**Instructions for the task**
From the first line to the last, set down the material exactly, leaving out its pictures.

**Data under study**

------------------------------------

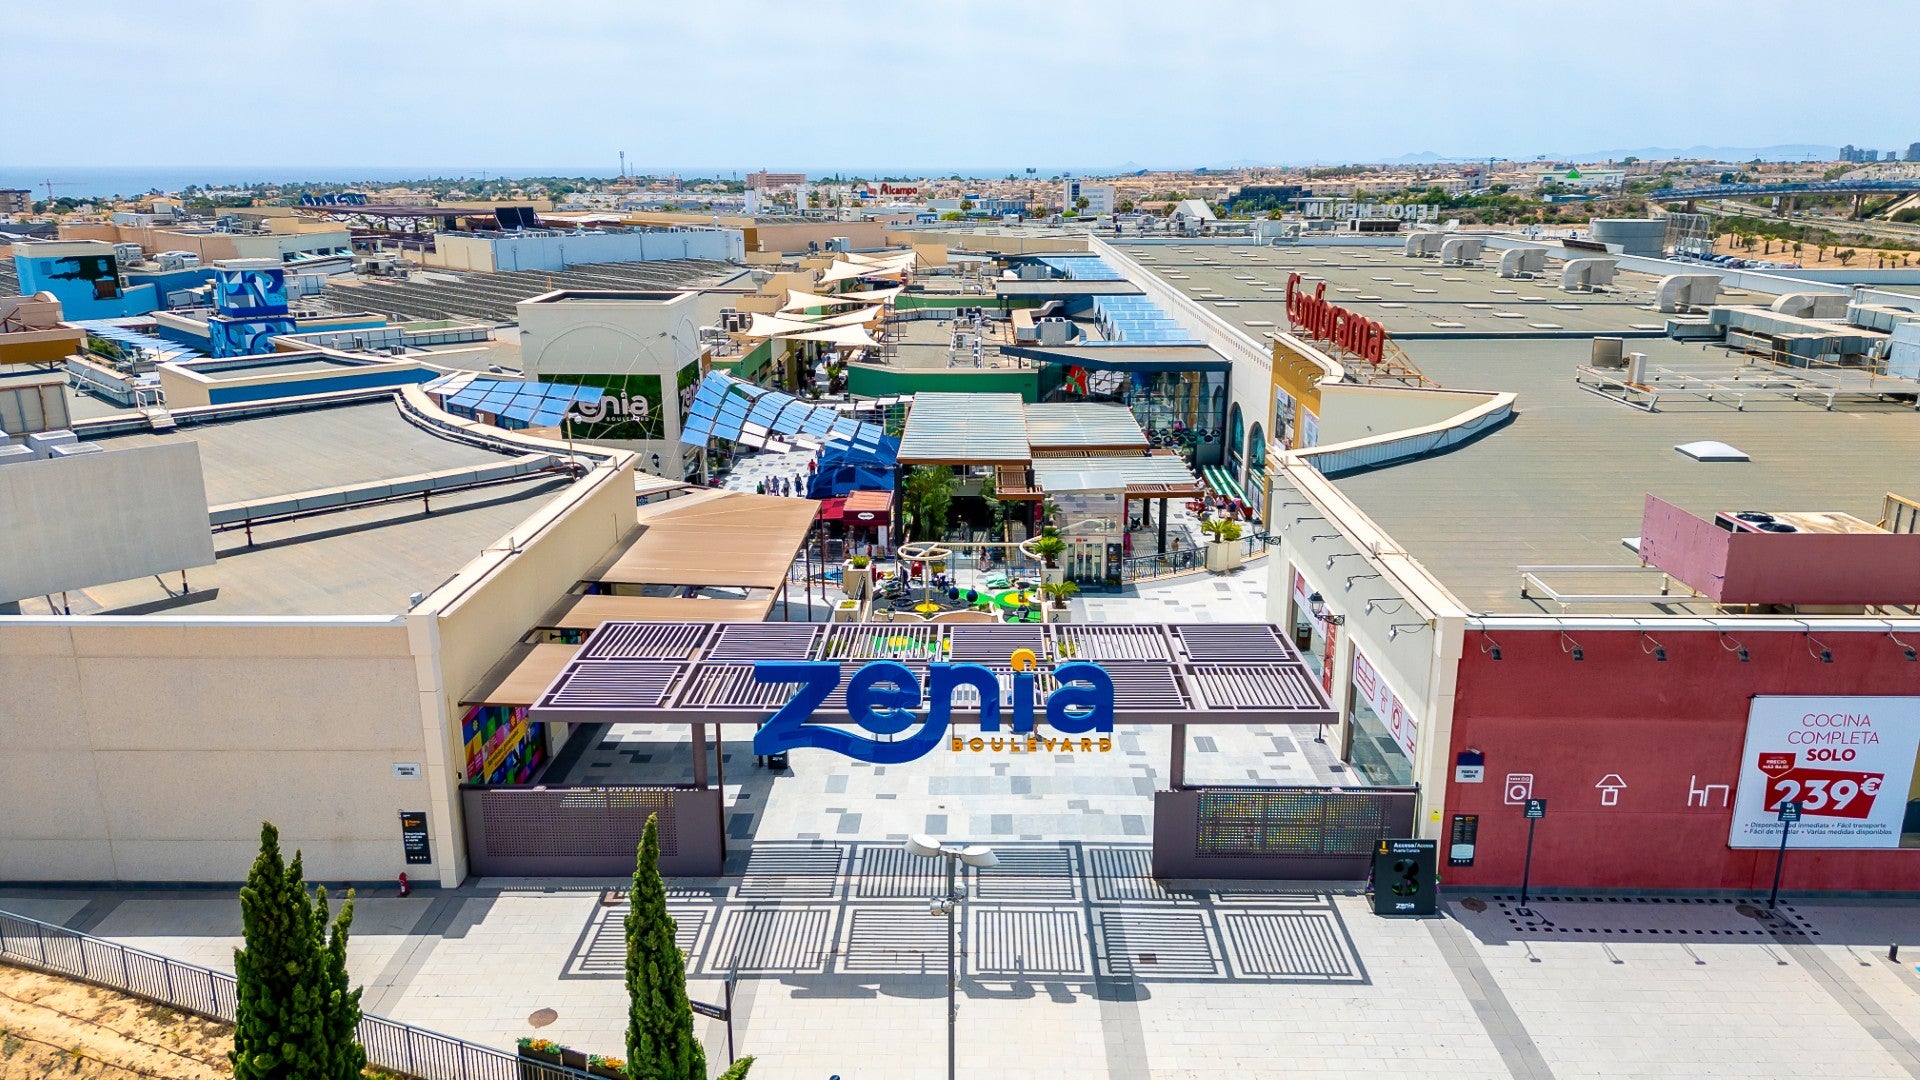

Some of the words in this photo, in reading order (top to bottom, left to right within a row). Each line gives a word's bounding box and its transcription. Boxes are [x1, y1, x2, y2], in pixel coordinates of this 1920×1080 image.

[880, 183, 918, 195] Alcampo
[1286, 272, 1384, 364] Conforama
[1802, 713, 1871, 728] COCINA
[951, 737, 1112, 752] BOULEVARD
[1787, 730, 1880, 745] COMPLETA
[1806, 748, 1856, 762] SOLO
[1836, 821, 1852, 829] Fácil
[1852, 822, 1887, 830] transporte
[1856, 828, 1893, 836] disponibles
[1392, 860, 1419, 896] 3
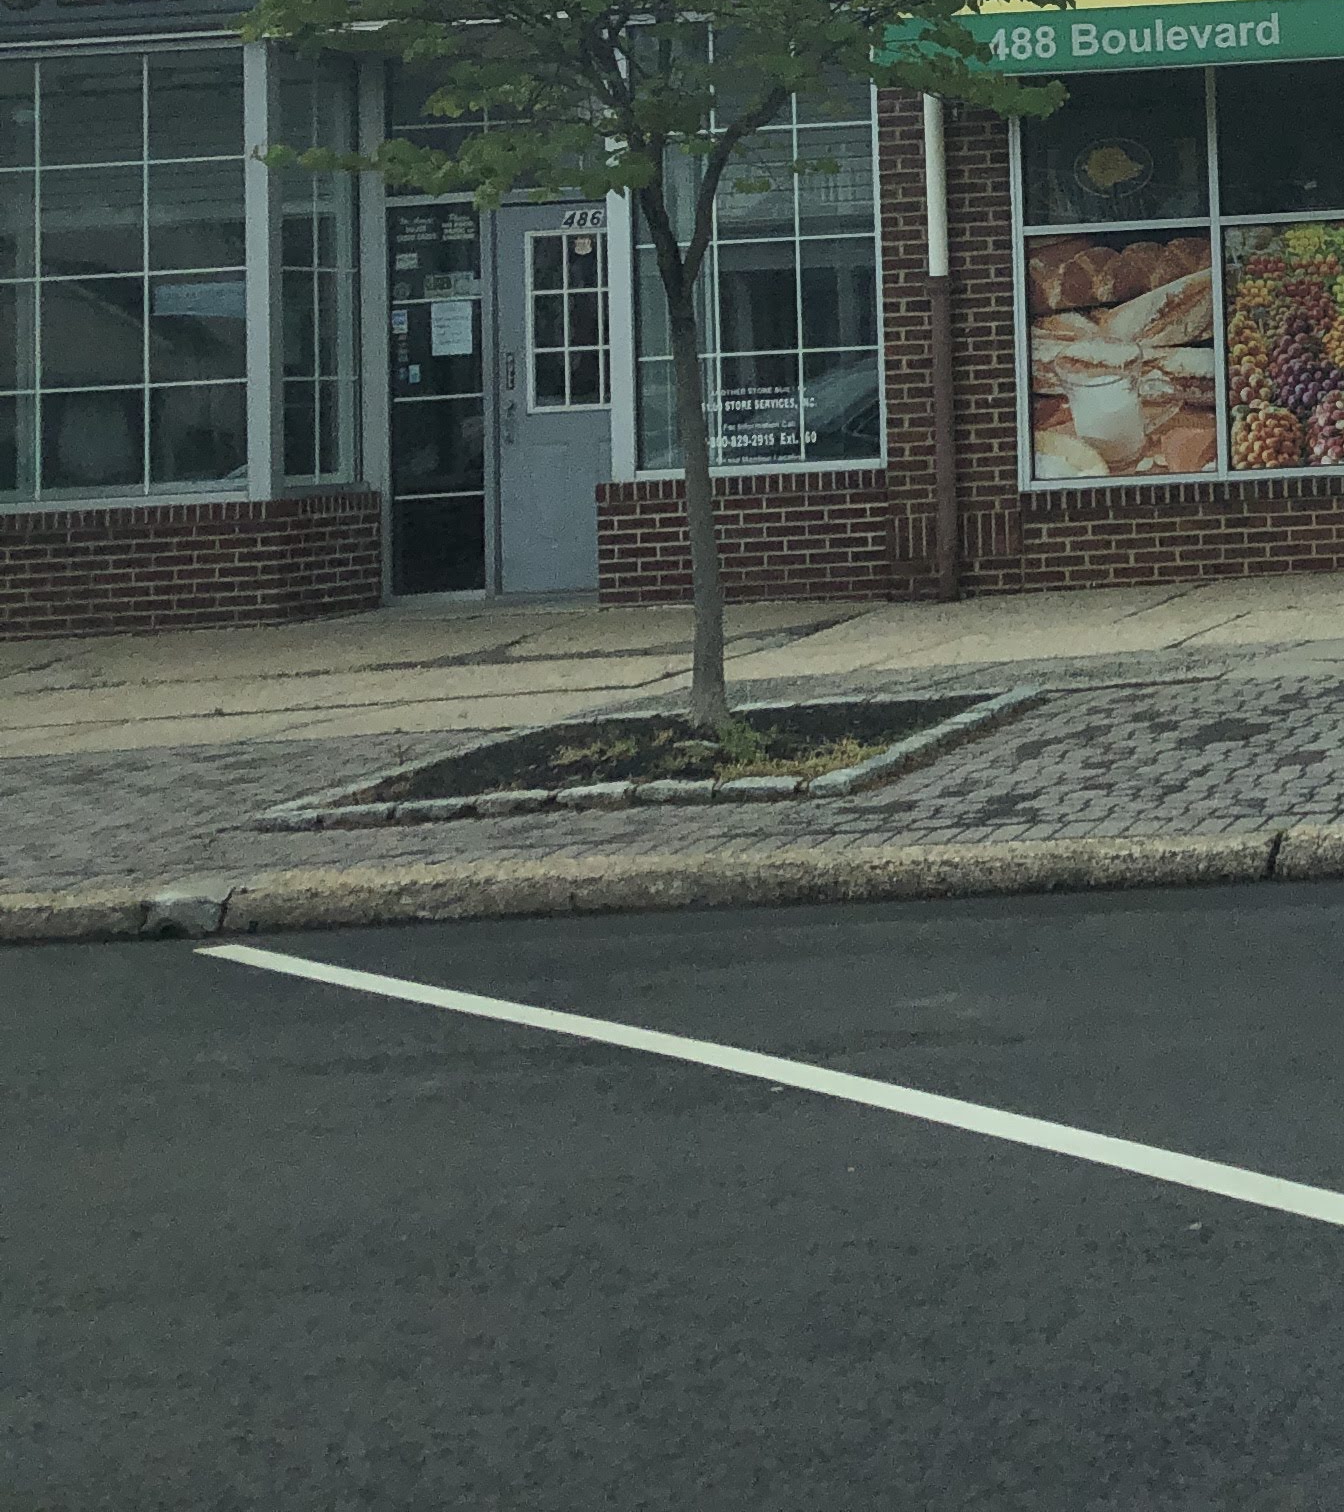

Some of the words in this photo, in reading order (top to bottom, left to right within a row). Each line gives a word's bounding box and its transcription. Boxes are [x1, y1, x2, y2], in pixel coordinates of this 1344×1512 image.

[990, 25, 1056, 61] 488
[1071, 11, 1280, 57] Boulevard
[562, 210, 604, 229] 486
[724, 399, 752, 411] STORE
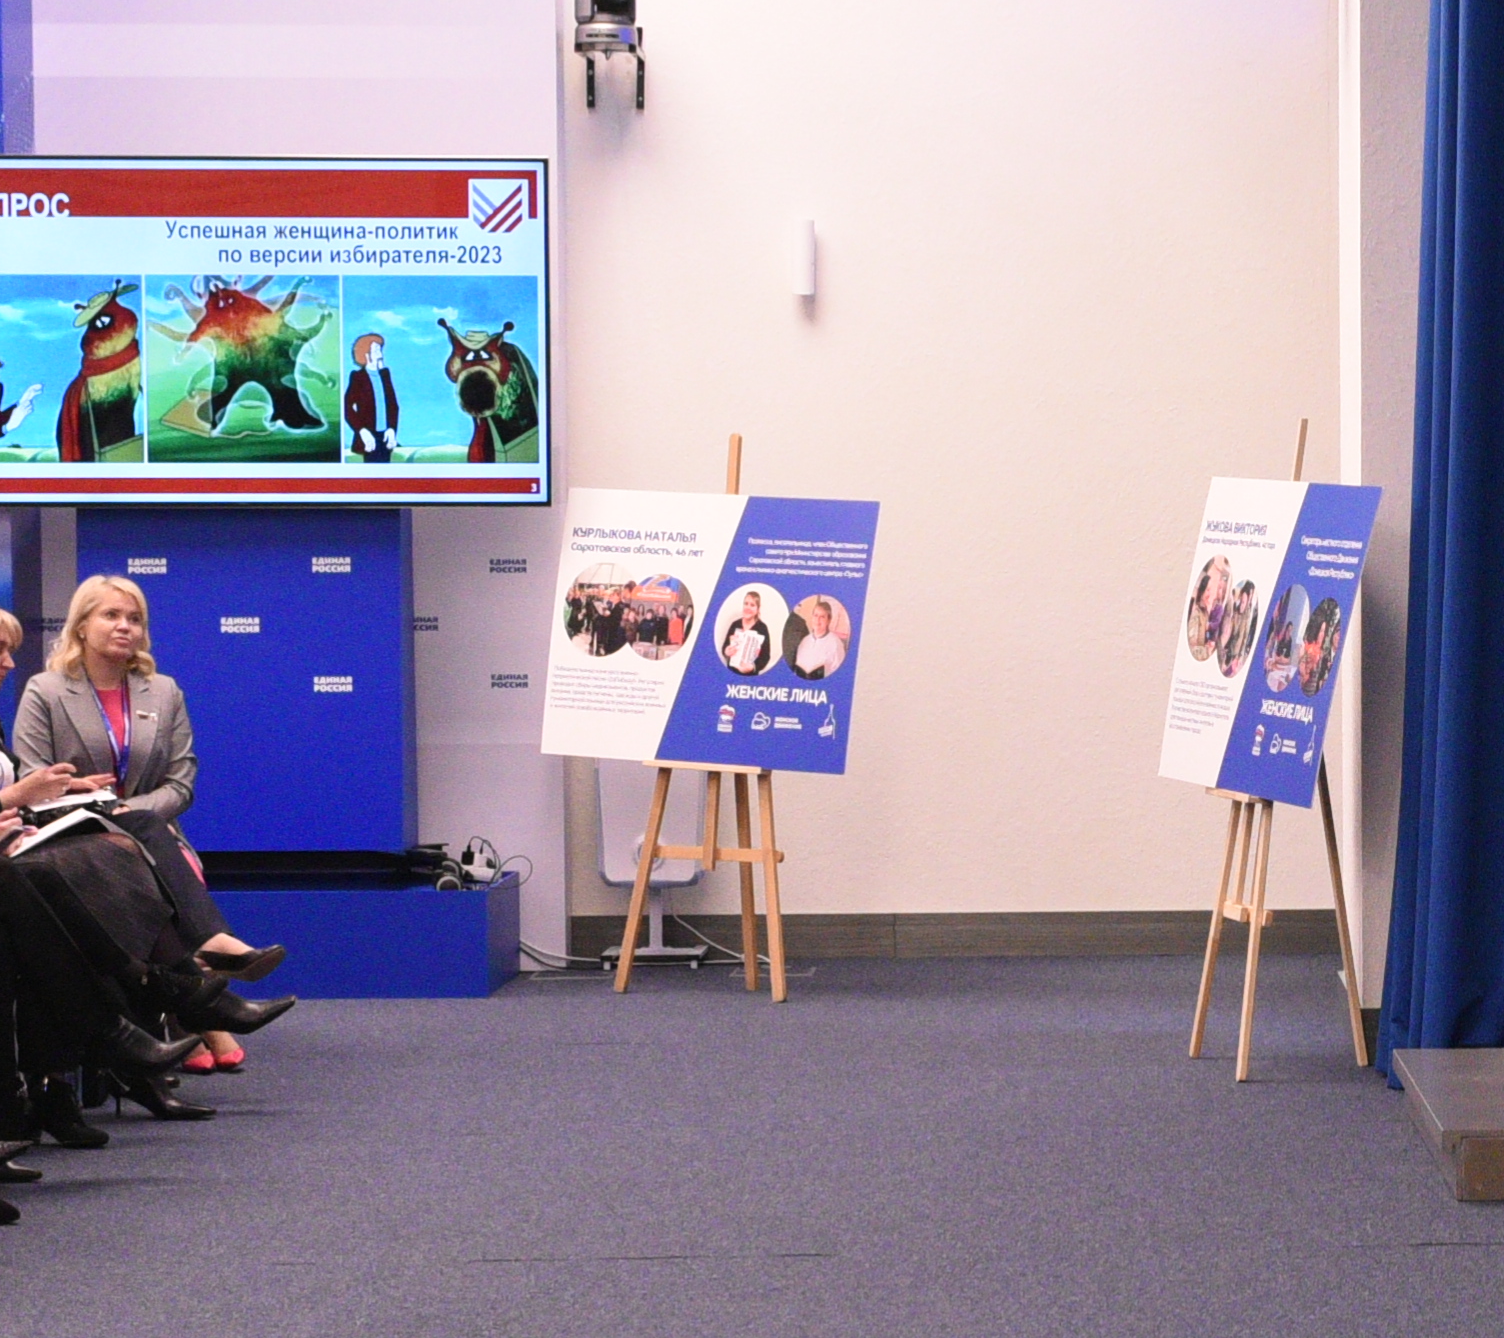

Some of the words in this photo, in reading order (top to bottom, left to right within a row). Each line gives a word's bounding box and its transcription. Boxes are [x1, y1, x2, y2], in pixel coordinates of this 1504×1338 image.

------------------------------------

**Solved problem**
Some of the words in this photo, in reading order (top to bottom, left to right within a row). Each line gives a word's bounding box and its transcription. Boxes are [x1, y1, x2, y2], in pixel coordinates of this 1920×1080 image.

[880, 183, 918, 195] Alcampo
[1286, 272, 1384, 364] Conforama
[1802, 713, 1871, 728] COCINA
[951, 737, 1112, 752] BOULEVARD
[1787, 730, 1880, 745] COMPLETA
[1806, 748, 1856, 762] SOLO
[1836, 821, 1852, 829] Fácil
[1852, 822, 1887, 830] transporte
[1856, 828, 1893, 836] disponibles
[1392, 860, 1419, 896] 3

Some of the words in this photo, in reading order (top to bottom, left to right within a row). Each line gives a word's bounding box and its transcription. Boxes are [x1, y1, x2, y2], in pixel coordinates of this 1344×1512 image.

[990, 25, 1056, 61] 488
[1071, 11, 1280, 57] Boulevard
[562, 210, 604, 229] 486
[724, 399, 752, 411] STORE

Some of the words in this photo, in reading order (top to bottom, left to right within a row). Each line gives a word's bounding box and its transcription. Boxes are [x1, y1, x2, y2], in pixel coordinates of this 1504×1338 image.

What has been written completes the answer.